Marc Andreessen: Yeah. So, yeah, I mean, we're talking earlier about our investment fee. So it's like I would say we think that like the Blockchain is the big deal and that currency is -- they are sort of BTC currency. It's like one of a thousand applications. It's the one that gets all the heat because it's the one that gets everybody else fired up, but the other nine-hundred-ninety-nine are going to be just as important or more important in the long run. And so what we would like to do over time is basically a half, there will be a whole sequence of how these applications all get discovered and developed and then how there would be a whole sequencing companies that get built, digital title, digital ownership, digital media assets, digital stocks and bonds, Blockchain-based crowd funding insurance contracts. There's a very, very, very long list of things where if you can have online trust in the way that the Blockchain provides. You can reinvent, I think, field after field after field. And that's a big thing. That to us is probably even more important than anything that is sort of related with the currency today.
Sheryl Sandberg: When do you think that happened? What is the trigger for that where you switchover to this kind of expansion of the Blockchain?
Balaji Srinivasan: So, I mean, it's is like sort of already happening in the sense that you can redeem Bitcoin for -- so, anytime you can redeem Bitcoin for some other kind of good. It's almost like that good is being traded into the Blockchain right now, like, it is a very for sort of hack, right. But I think that once people start putting, for example, software licenses or things that you can trade in there. The exact first application is going to be pretty important that people use it for other than BTC itself. Namecoin could be interesting in the sense of -- if you trade BTC for NTC. You're basically trading a domain or the ability to buy domain in the Blockchain. I think probably the next five years, certainly, we'll see it, probably much sooner than that maybe in two years.
Marc Andreessen: I think if this technology had existed. One of the thought experiments I was trying to do is, say, if this technology had existed at some point in the past, how would things be different today? And if this technology had existed 40 years ago I think for sure DNS would be totally different. And then quite possibly TCP/IP itself, assignment of IP addresses, for example, grounding protocols would be different if you knew you had this capability. And then for sure all the application layer stuff. So email would be different. The web would be different. All these social networking would be different. All these things would be -- e-commerce would be completely different. Digital media, business models would have been completely different. And so I think you basically just -- the way we think about is just do the thought experiment of, like, "Okay, how would it be different? Had you known that you had this technology back then, which you didn't?" And run that in your head as kind of an x clean sheet of paper experiment. And then basically -- and this is where I get aggressive, but then basically say, "Okay, then the world is going to reshape itself in that way." In the fullness of time in the long run that is what the world will look like because it will be impossible to hold back the implications of the technology.
Sheryl Sandberg: So if you run that thought experiment on one of those things, what does it look like?

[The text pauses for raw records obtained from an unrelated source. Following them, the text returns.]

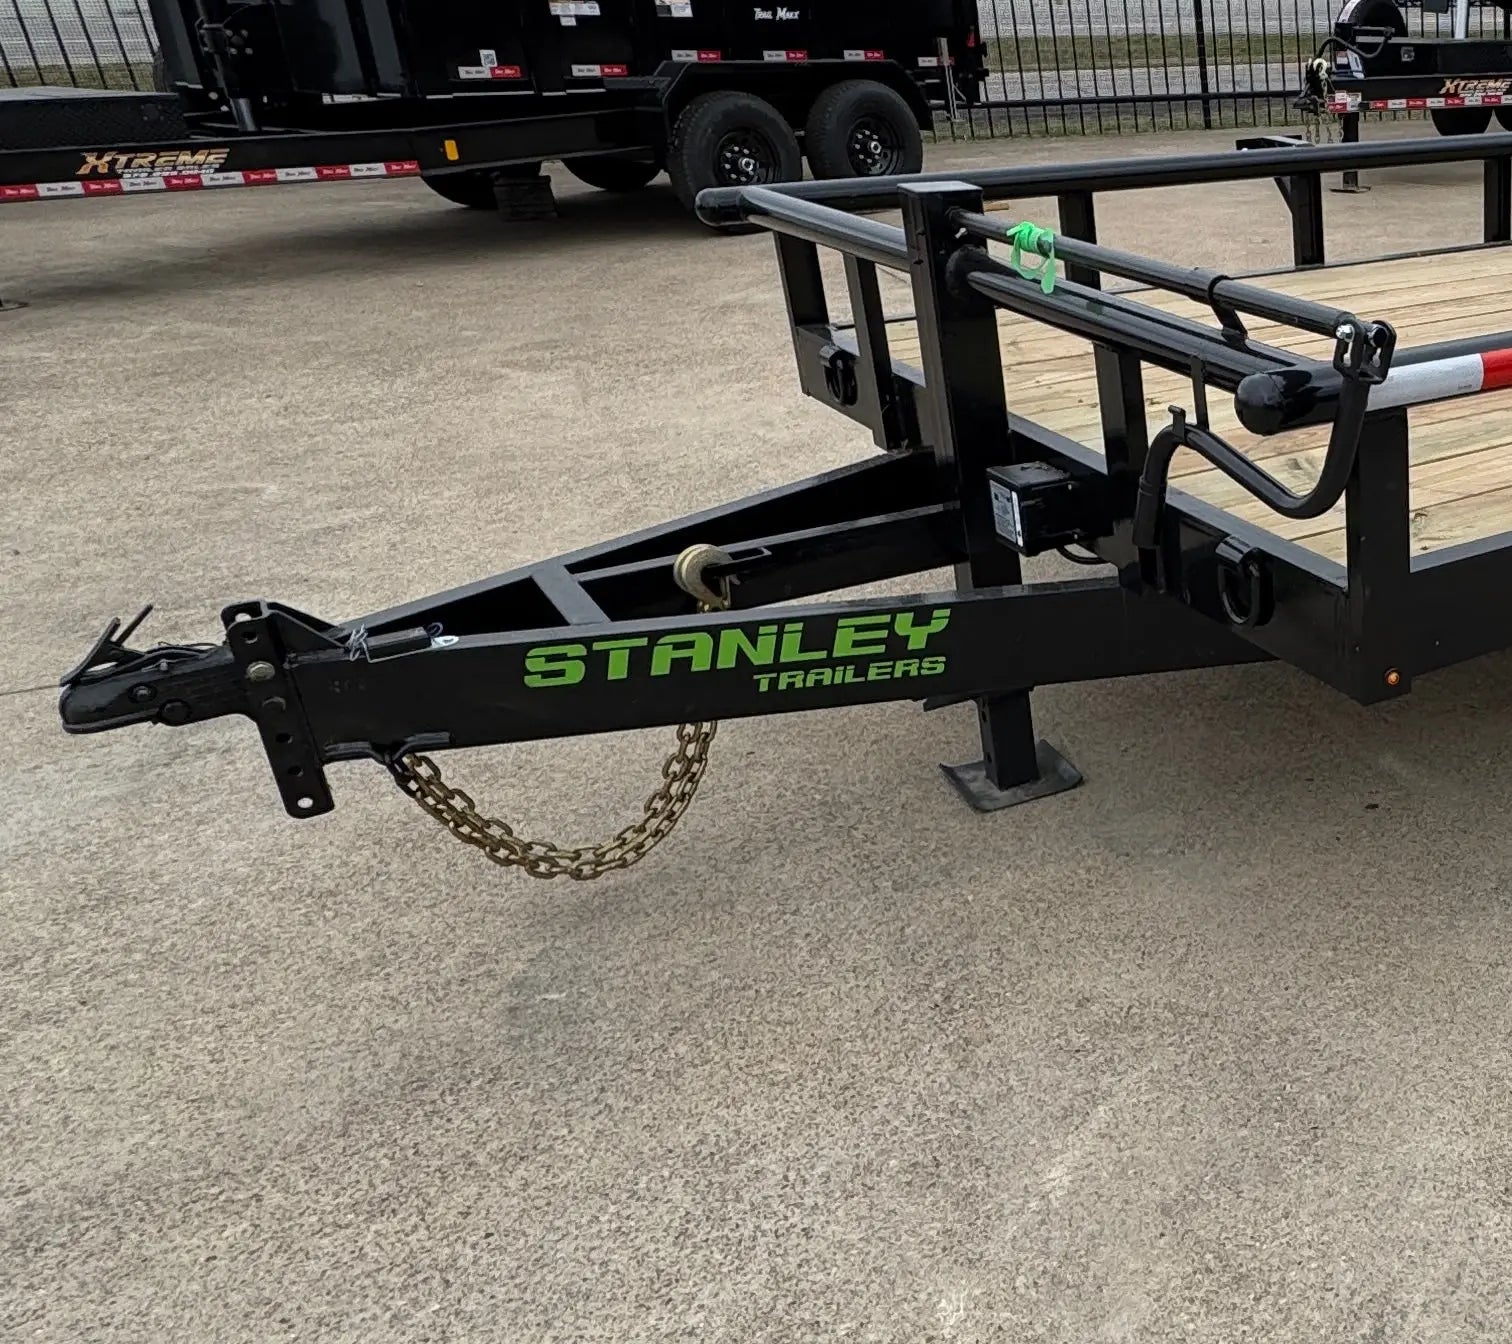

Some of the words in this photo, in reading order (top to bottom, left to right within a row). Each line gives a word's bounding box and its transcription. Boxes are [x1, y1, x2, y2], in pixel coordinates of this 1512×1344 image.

[75, 148, 230, 175] XTREME
[523, 608, 951, 688] STANLEY
[753, 656, 947, 692] TRAILERS
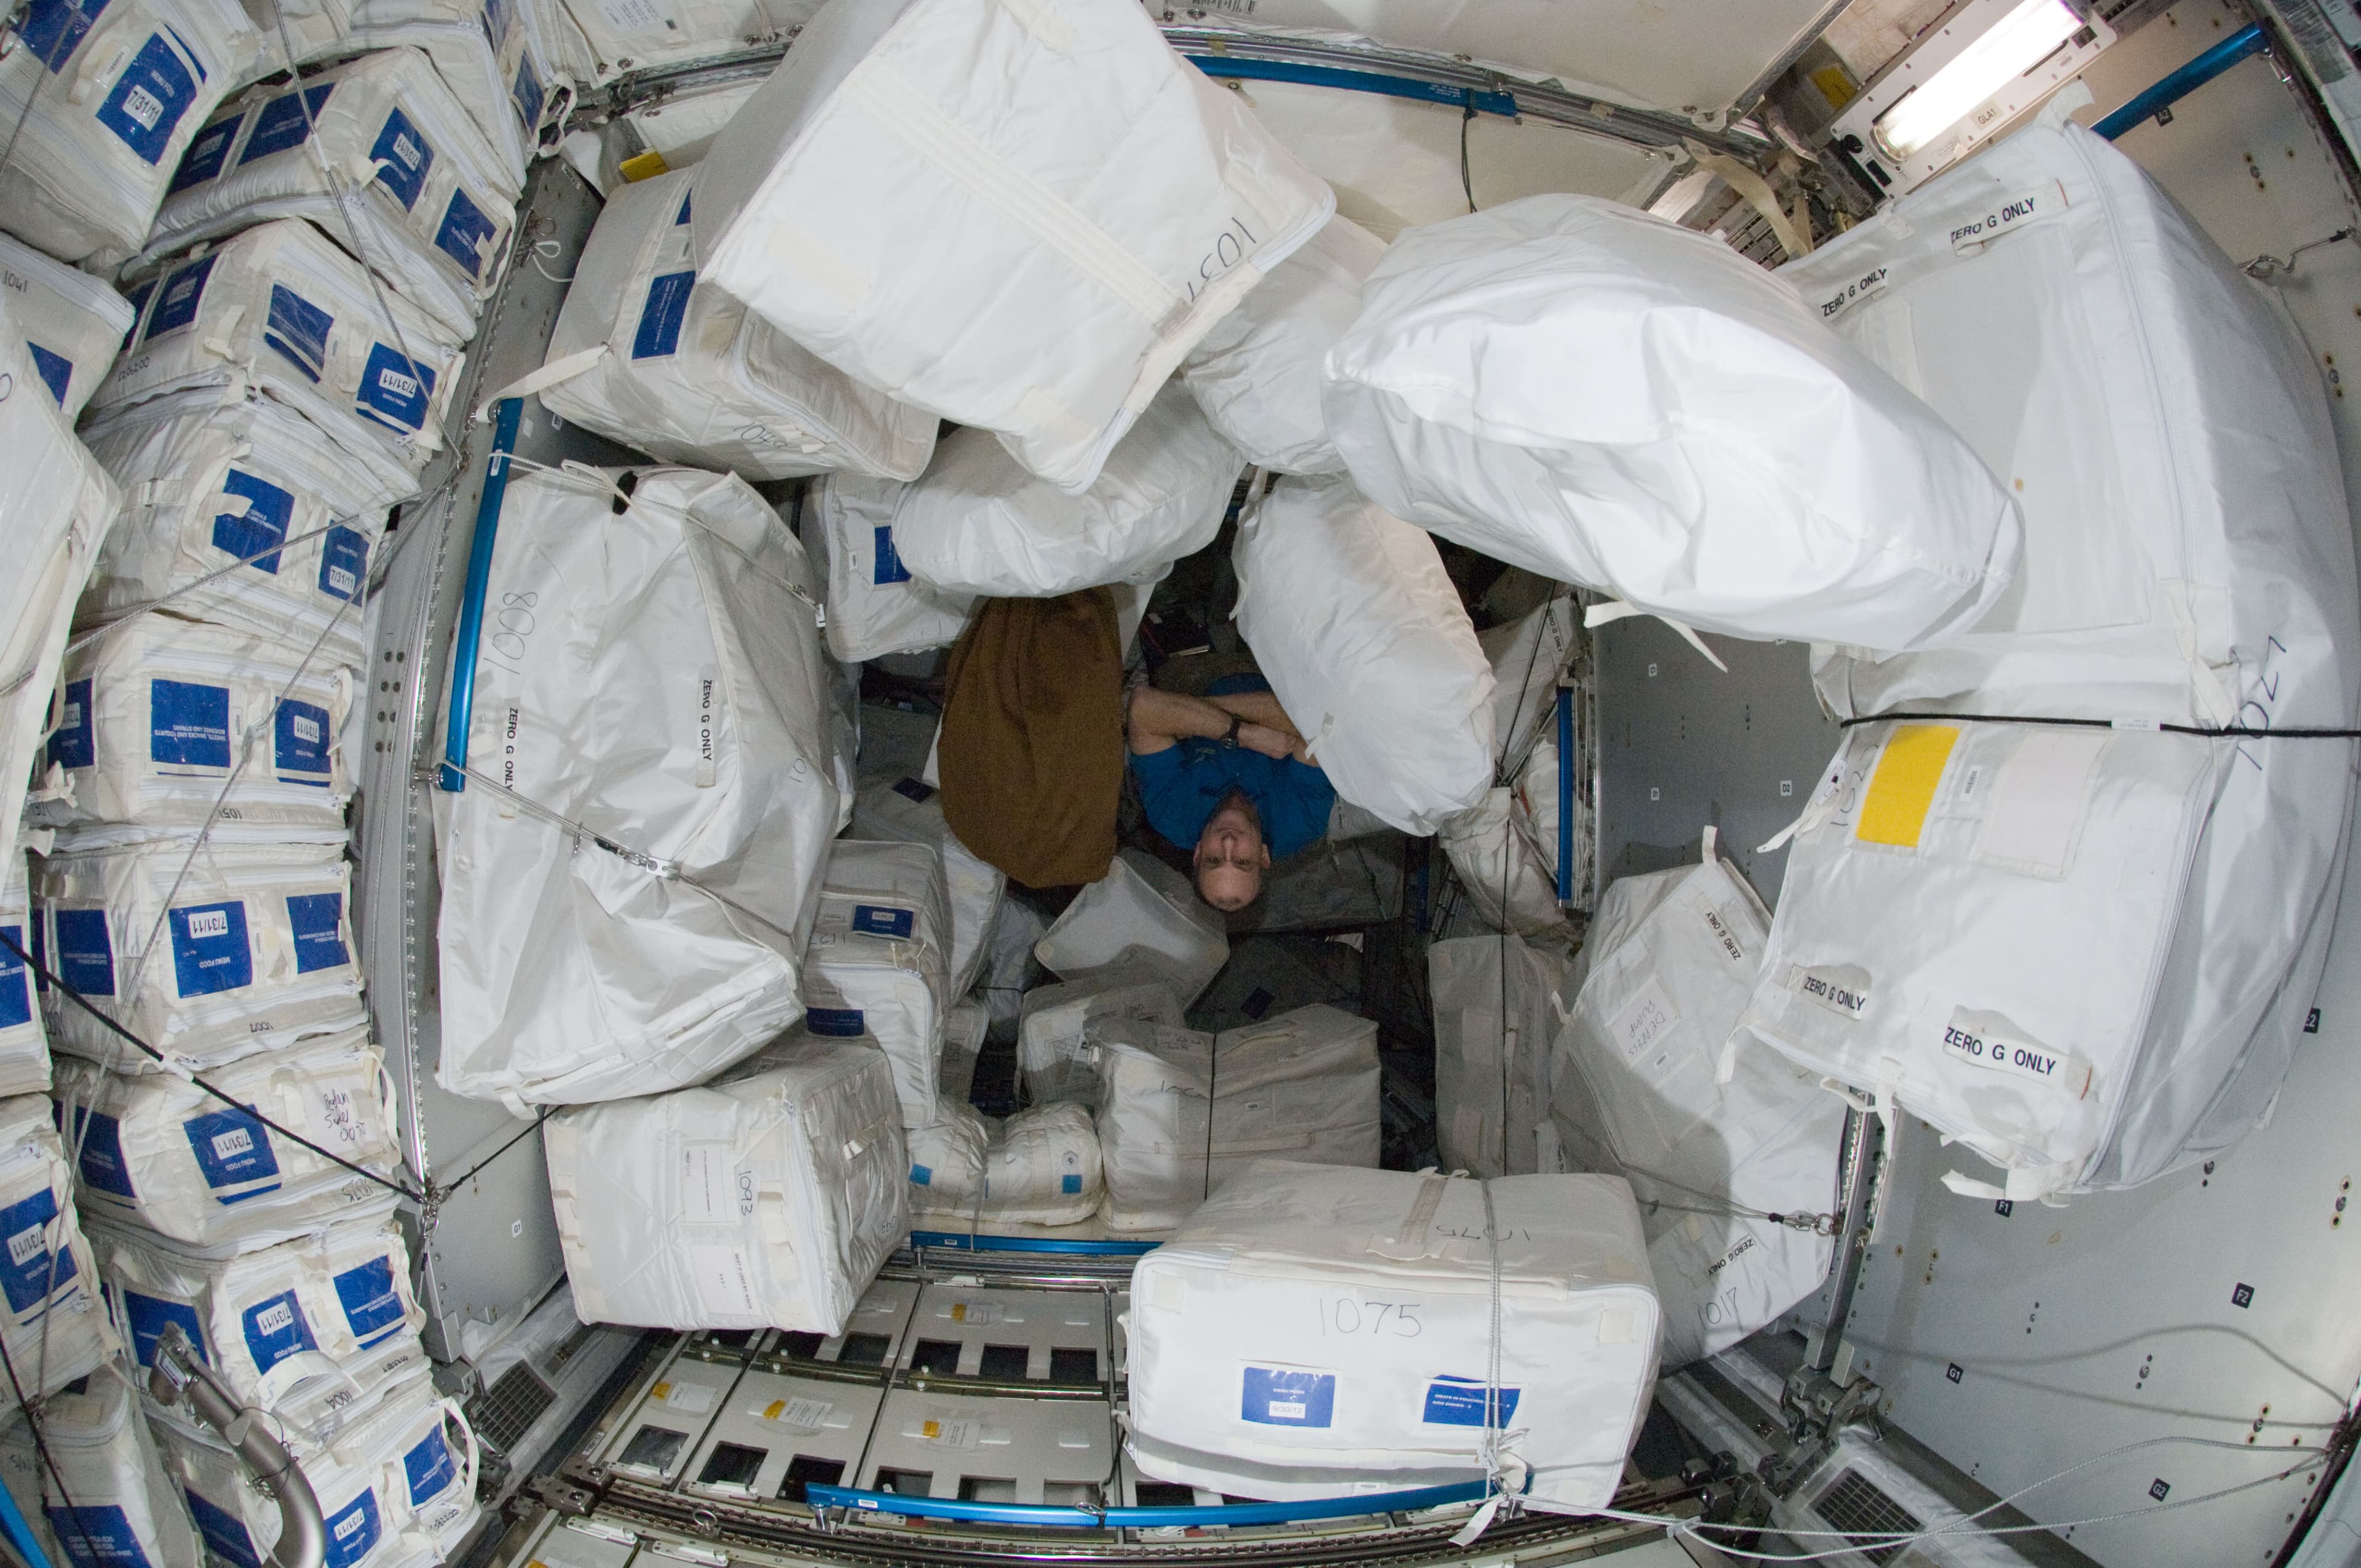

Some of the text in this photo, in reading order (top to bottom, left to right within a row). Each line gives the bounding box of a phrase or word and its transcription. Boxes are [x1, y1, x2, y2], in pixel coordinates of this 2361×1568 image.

[127, 90, 159, 124] 7/31/11
[1977, 108, 1996, 125] GLA1
[2158, 109, 2170, 122] A2
[397, 138, 421, 167] 7/31/11
[1950, 197, 2035, 244] ZERO G ONLY
[3, 269, 28, 293] 1041
[1821, 267, 1887, 318] ZERO G ONLY
[382, 373, 416, 394] 7/31/11
[331, 569, 354, 591] 7/31/11
[483, 592, 538, 675] 1008
[1554, 636, 1564, 653] ONLY
[701, 679, 713, 761] ZERO G ONLY
[296, 721, 319, 740] 7/31/11
[504, 707, 519, 791] ZERO G ONLY
[192, 916, 226, 933] 7/31/11
[1705, 911, 1721, 930] ONLY
[1723, 938, 1741, 960] ZERO
[199, 956, 231, 969] MENU FOOD
[1803, 976, 1866, 1012] ZERO G ONLY
[250, 1021, 274, 1033] 1007
[1944, 1026, 2057, 1076] ZERO G ONLY
[217, 1133, 252, 1153] 7/31/11
[226, 1157, 256, 1171] MENU FOOD
[739, 1171, 753, 1216] 1093
[1999, 1202, 2009, 1213] F1
[514, 1224, 521, 1233] G1
[13, 1229, 45, 1259] 7/31/11
[1734, 1238, 1754, 1256] ZERO
[1707, 1259, 1726, 1277] ONLY
[2236, 1290, 2249, 1303] F2
[262, 1308, 291, 1329] 7/31/11
[1319, 1297, 1422, 1337] 1075
[1697, 1286, 1742, 1332] 1017
[274, 1342, 303, 1359] MENU FOOD
[1949, 1368, 1960, 1380] G1
[1272, 1404, 1303, 1414] 9/30/12
[2153, 1483, 2164, 1497] G2
[338, 1510, 364, 1537] 7/31/11

Balaji Srinivasan: So advertising is very good example, right. So Chris Dixon and, you know, we've been talking about how advertising is sort of a way that -- because we didn't have micropayments within the internet, we sort of contorted ourselves into a way of the advertising to pay like one fraction like 1/1000th of a dollar when you visit a page based on your attention, right. And then some fraction of people will pay. But you can imagine ad-free websites that include Bitcoin as payments and you build basically Bitcoin wallet into the browser. And just like every year you go and you refill your Google Drive with $20, you put your credit information. You don't really think about it too much. It refilled $20, $50 worth of Bitcoin each year and that's your browsing for the whole year, right. And then if you have AdSense then Google has integration, so now you can basically pay with from Bitcoin and no longer see ads and you have a faster browsing experience, right. So it's just like one example where we can replace potentially advertising micropayments with the real thing.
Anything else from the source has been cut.